Many of us have had the feeling that technology, which continues to change at an ever-dizzying pace, may be leaving us behind. That was embodied this past week during a Congressional hearing, nominally convened to investigate antitrust concerns of four big tech titans: Amazon, Apple, Facebook and Google.
While the five-and-a-half-hour inquiry touched on a range topics from pesky spam filters and search results to how companies approached acquisitions, the House Judiciary subcommittee hearing laid one thing bare: A sizable disconnect appears to exist between the technology Americans are using and depending on in their daily lives and the knowledge base of people with the power and responsibility to decide its future and regulation.
“Consumers and investors walk away feeling like a lot of these lawmakers don’t really understand the business models to an extent that they could then navigate them and put laws in place that will dictate the future of where they go,” said Daniel Ives, an analyst with Wedbush Securities.

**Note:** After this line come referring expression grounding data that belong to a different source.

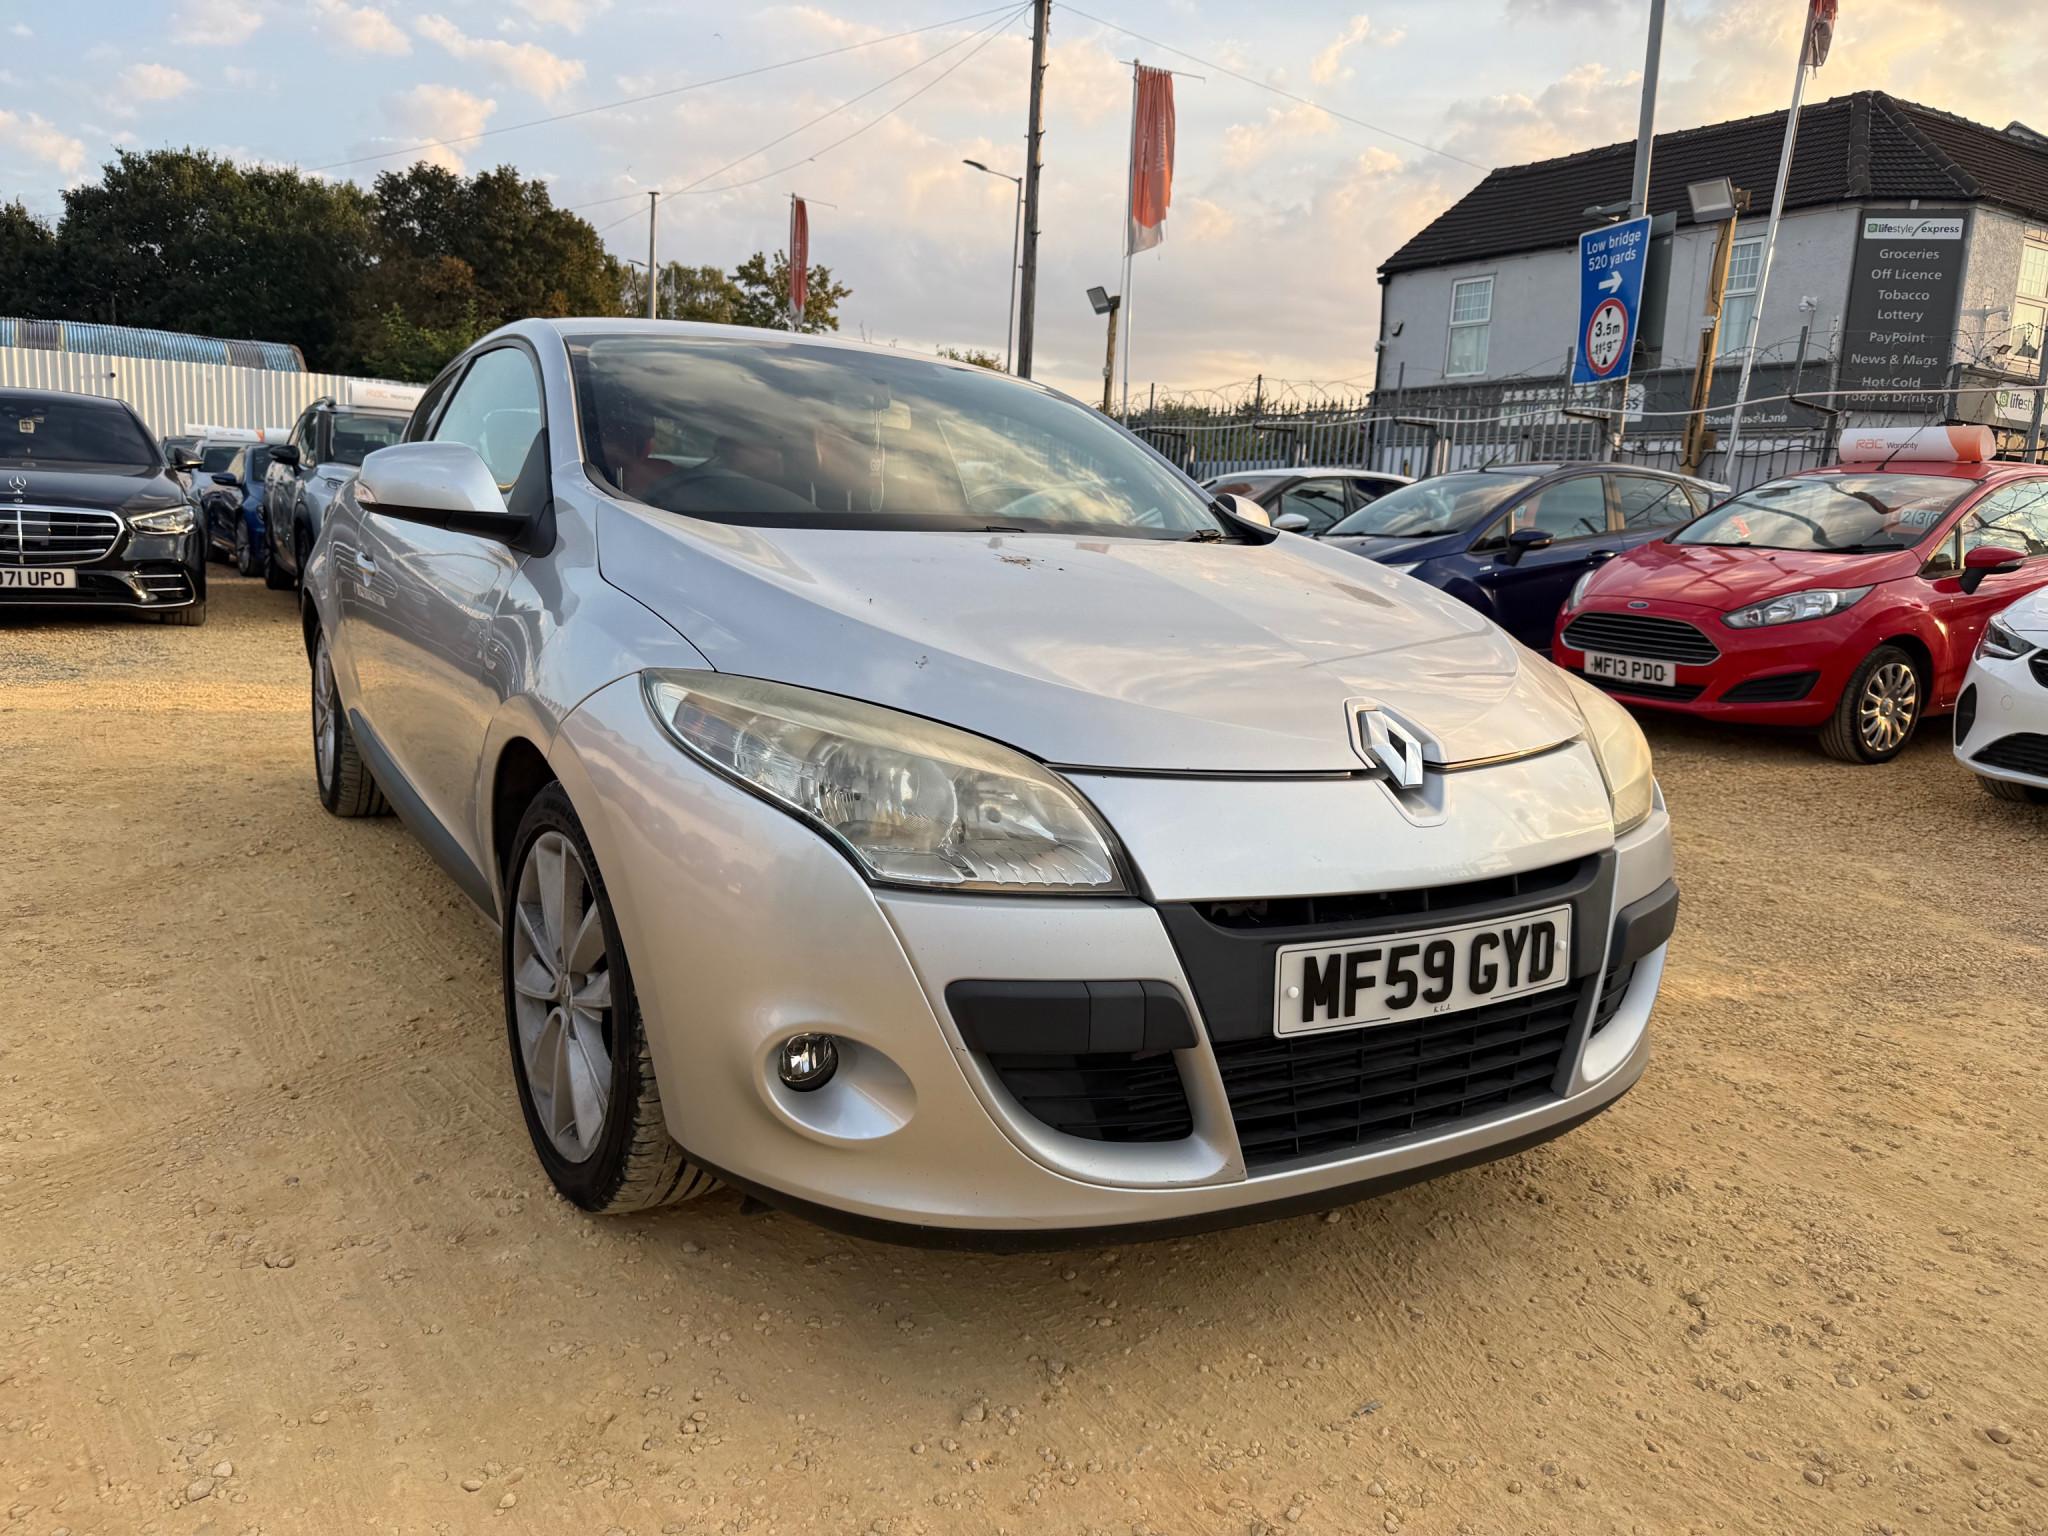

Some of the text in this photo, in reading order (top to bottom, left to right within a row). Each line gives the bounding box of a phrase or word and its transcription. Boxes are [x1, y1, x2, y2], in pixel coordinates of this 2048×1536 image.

[1878, 223, 1960, 235] lifestyle express
[1586, 230, 1642, 255] Low bridge
[1588, 247, 1637, 272] 520 yards
[1879, 248, 1940, 260] Groceries
[1871, 268, 1943, 281] Off Licence
[1878, 289, 1930, 301] Tobacco
[1877, 309, 1924, 323] Lottery
[1869, 331, 1926, 345] PayPoint
[1851, 353, 1938, 368] News & Mags
[1761, 413, 1788, 423] Lane
[1886, 441, 1919, 450] Warranty
[27, 571, 65, 586] UPO
[1593, 656, 1665, 682] MF13 PDO
[1301, 920, 1556, 1023] MF59 GYD
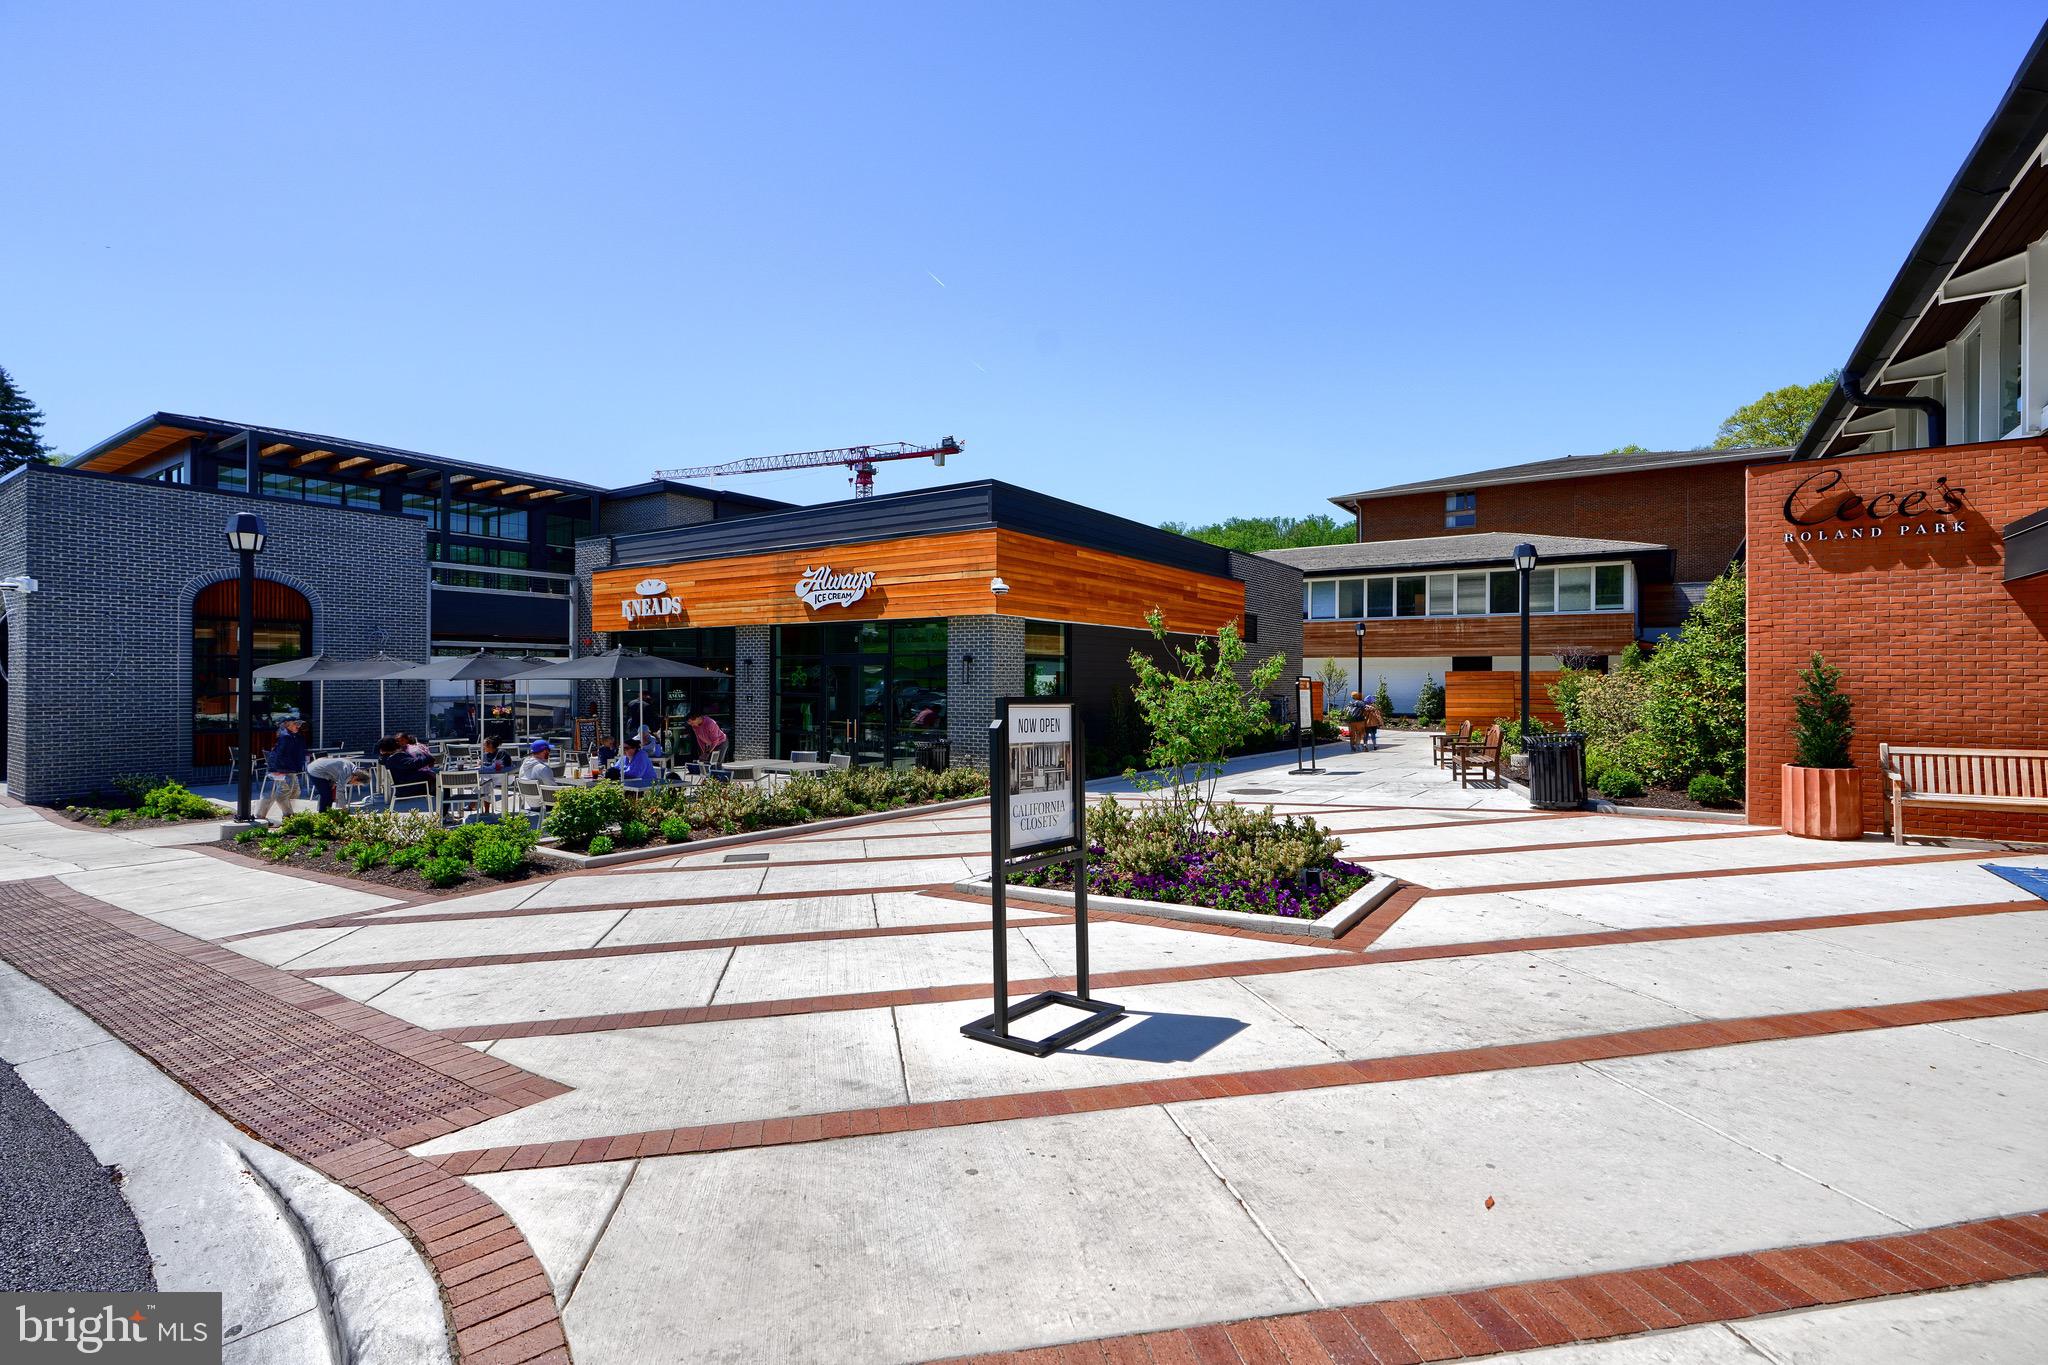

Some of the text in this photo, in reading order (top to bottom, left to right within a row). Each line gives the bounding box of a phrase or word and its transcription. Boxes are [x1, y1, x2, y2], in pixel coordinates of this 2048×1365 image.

[1783, 469, 1966, 526] Cece's
[1784, 521, 1966, 543] ROLAND PARK
[795, 565, 876, 598] Always
[621, 596, 682, 621] KNEADS
[814, 592, 853, 605] ICE CREAM
[1018, 718, 1060, 733] NOW OPEN
[1012, 800, 1065, 818] CALIFORNIA
[1020, 815, 1058, 831] CLOSETS
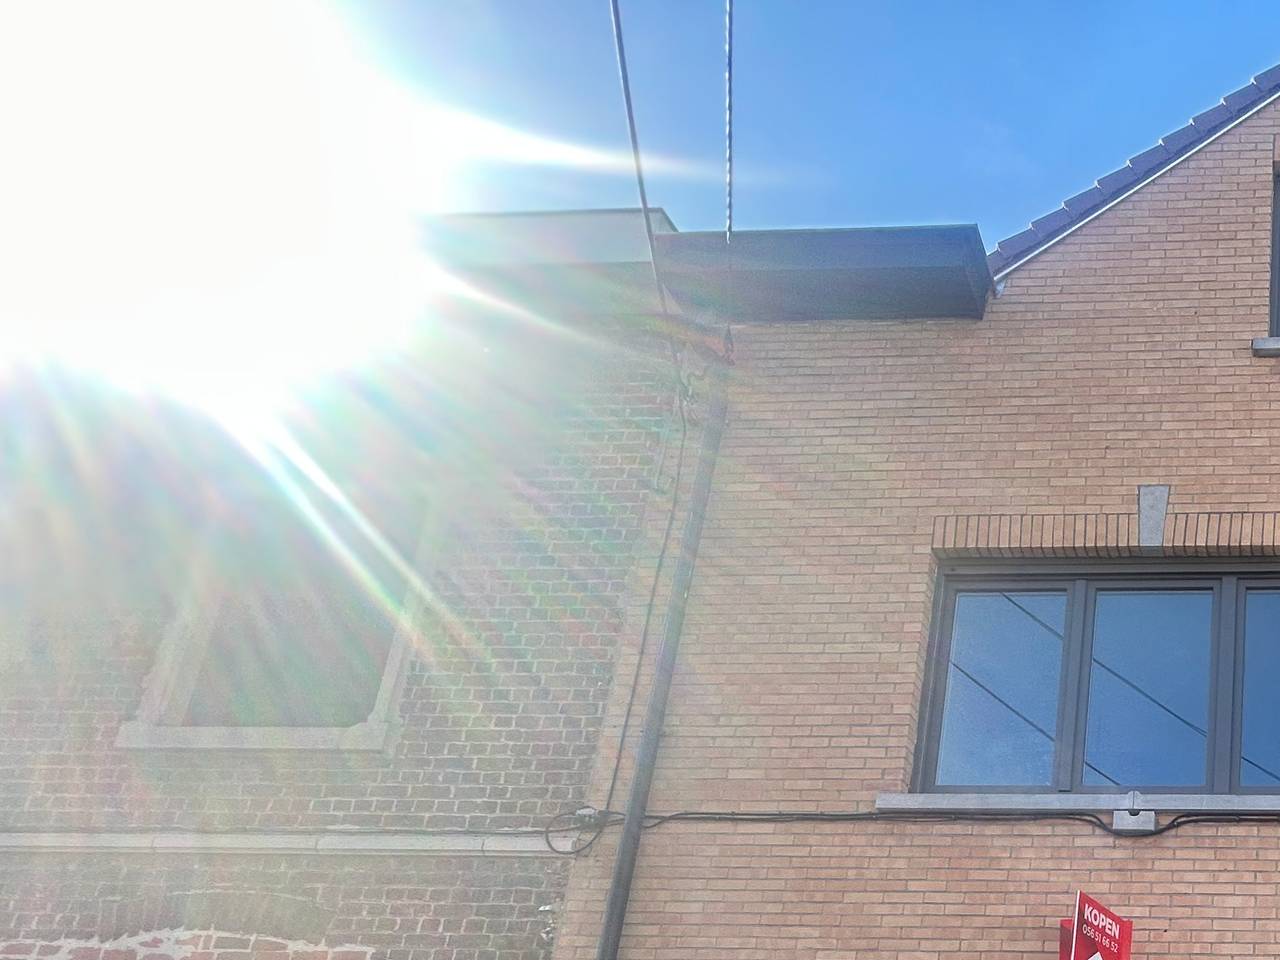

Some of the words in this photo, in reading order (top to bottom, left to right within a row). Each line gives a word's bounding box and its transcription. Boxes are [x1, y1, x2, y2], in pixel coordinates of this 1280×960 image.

The antitrust subcommittee hearing had been convened to look into the tech giants’ market dominance. While some questions asked and issues raised were pointed, others may have left constituents and the tech CEOs themselves scratching their heads.
Instead, the hearing primarily became a forum for Republicans to lament what is seen as a bias against conservatives on digital platforms and for Democrats to ask about issues such as the poor treatment of small businesses and third-party sellers online.
Rep. James Sensenbrenner, R-Wis., asked Facebook CEO Mark Zuckerberg why the social network recently took down Donald Trump Jr.’s post about hydroxychloroquine. “Why did that happen?” he asked.
Whoops, the platform that took that action was Twitter, Zuckerberg noted.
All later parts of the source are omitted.